We’ve got the oxygen levels needed for large-scale predation and multilayered food webs, and we’ve got the genetic toolkit to move quickly through different animal shapes as evolutionary pressures come down on us, sure. But again, why so many, and why all at once? What splintered the animal kingdom so thoroughly, and spread the shards of it so widely? Before the Explosion, we apparently had two or three general body plans, each with an accompanying niche. Afterwards- everything else.

Personally, my favorite answer to that question is, ‘eyeballs’.

Maybe also noses and ears, I guess. But those are a little less directional, and we’re pretty sure that eyes did in fact develop around this time.

Either way, what I really mean is, ‘long distance detection of nutrients’. This synchronizes nicely with the directional motion that shows up around this time, the ‘front and back’ and ‘top and bottom’ innovations that allow an animal to see food and then move towards it.

What I really really mean is, ‘predation.’

On the one hand, this makes it a lot more viable to be one step up in the food web. A blind predator is going to have some trouble; the ability to see and pursue opens up a new niche. But only the one new niche, so that alone still doesn’t explain the riotous diversity we new encounter.

Consider the criteria you must satisfy to be a successful precambrian animal. You’re going to need to absorb as many complex carbon molecules as possible. You’re going to have to solve the reproduction problem somehow. And you’re going to have to be structurally sound, rather than collapsing under your own weight or something. It’s fairly simple, mostly revolving around being able to access as much seawater as possible so you can filter organics out of it.

And in fact, the three major solutions we see in the fossil record are, “have a large broadside and catch water as it moves by”, “actively pump water towards yourself”, and “move quickly through the water.” When you think about it, that’s a fairly exhaustive list. Every one of these forms is clearly exploring ways to have physical contact with as much seawater as possible, and almost nothing else. And there are only so many ways to be the best at that job.

But now let’s add another criterion: “Don’t get eaten.”

It’s not just that this is a fairly flexible and ambiguous constraint. It’s that we’ve lost our chance to monomaniacally focus on the one strategy of ‘contact lots of water’. And when you have to balance different needs that are in competition, there are a few different trends that tend to emerge from that process.
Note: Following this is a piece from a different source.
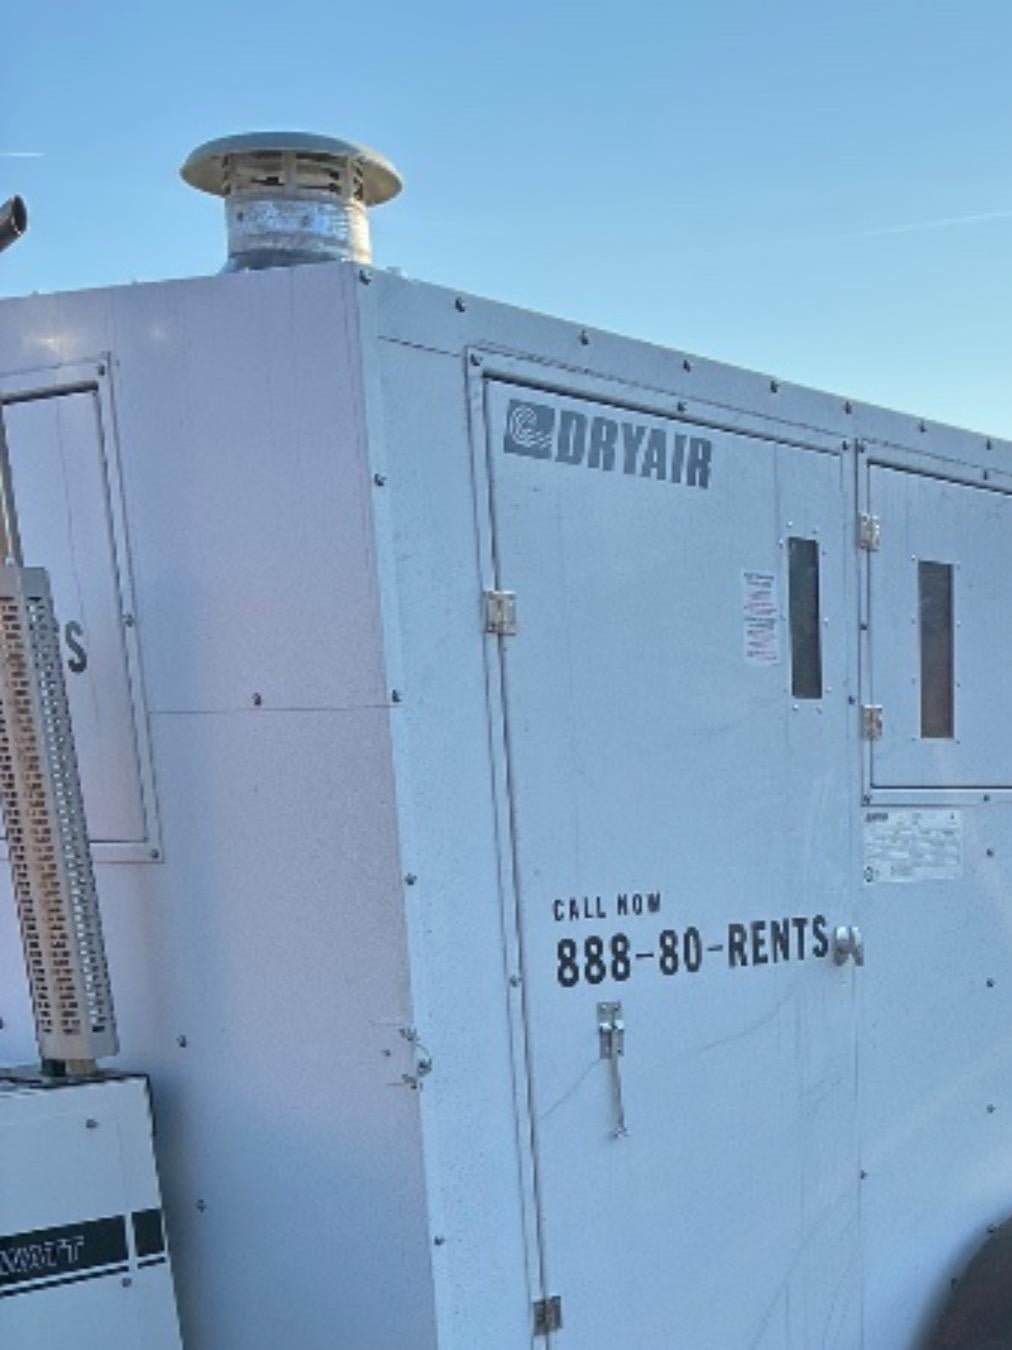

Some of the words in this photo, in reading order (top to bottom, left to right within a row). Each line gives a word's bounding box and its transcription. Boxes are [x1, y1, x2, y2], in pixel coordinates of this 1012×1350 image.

First, none of your strategies will be quite as successful as they were when you didn’t have to make any tradeoffs. And second, there will tend to be a number of different ways to balance those needs, each of which is roughly as effective as the others.

This is a really important but kind of abstract point, so I’m gonna hammer at it for a little bit. As the number of constraints increases, the number of different ‘best’ solutions will tend to increase combinatorically. If you’re a proto-sponge, and you’re suddenly under all this pressure from being hunted, you might try covering yourself in spikes, or borrowing into the mud, or growing in nasty inhospitable places where predators don’t want to go, or just picking up a certain amount of mobility. But remember, you still have to worry about filter-feeding yourself. And the proto-jellyfish has a similar number of different options, and the weird frond-looking things too. The net result is that we end up with a really huge number of equally viable body plans, rather than the two or three that are the winners of a simpler problem.

Basically, the idea here is that predation was such a radical change to the environment that it fractured a small number of deep ecological niches in to a large number of somewhat shallower niches. The radical speciation of the Cambrian Explosion is simply the natural result of those niches being explored and filled.

H.

And somehow, from that crucible, the brain.

We aren’t there yet. We know that long-distance senses like vision probably would have given rise to directional motion and directional anatomy, and that the combined needs of directional motion and of sensation managed to concentrate nerves in one particular region of the animal. Maybe we can find out more with detailed genetic analyses, or maybe we’ll hit the motherload with some hugely important fossil discovery. Hard to say, but I doubt we’re done yet.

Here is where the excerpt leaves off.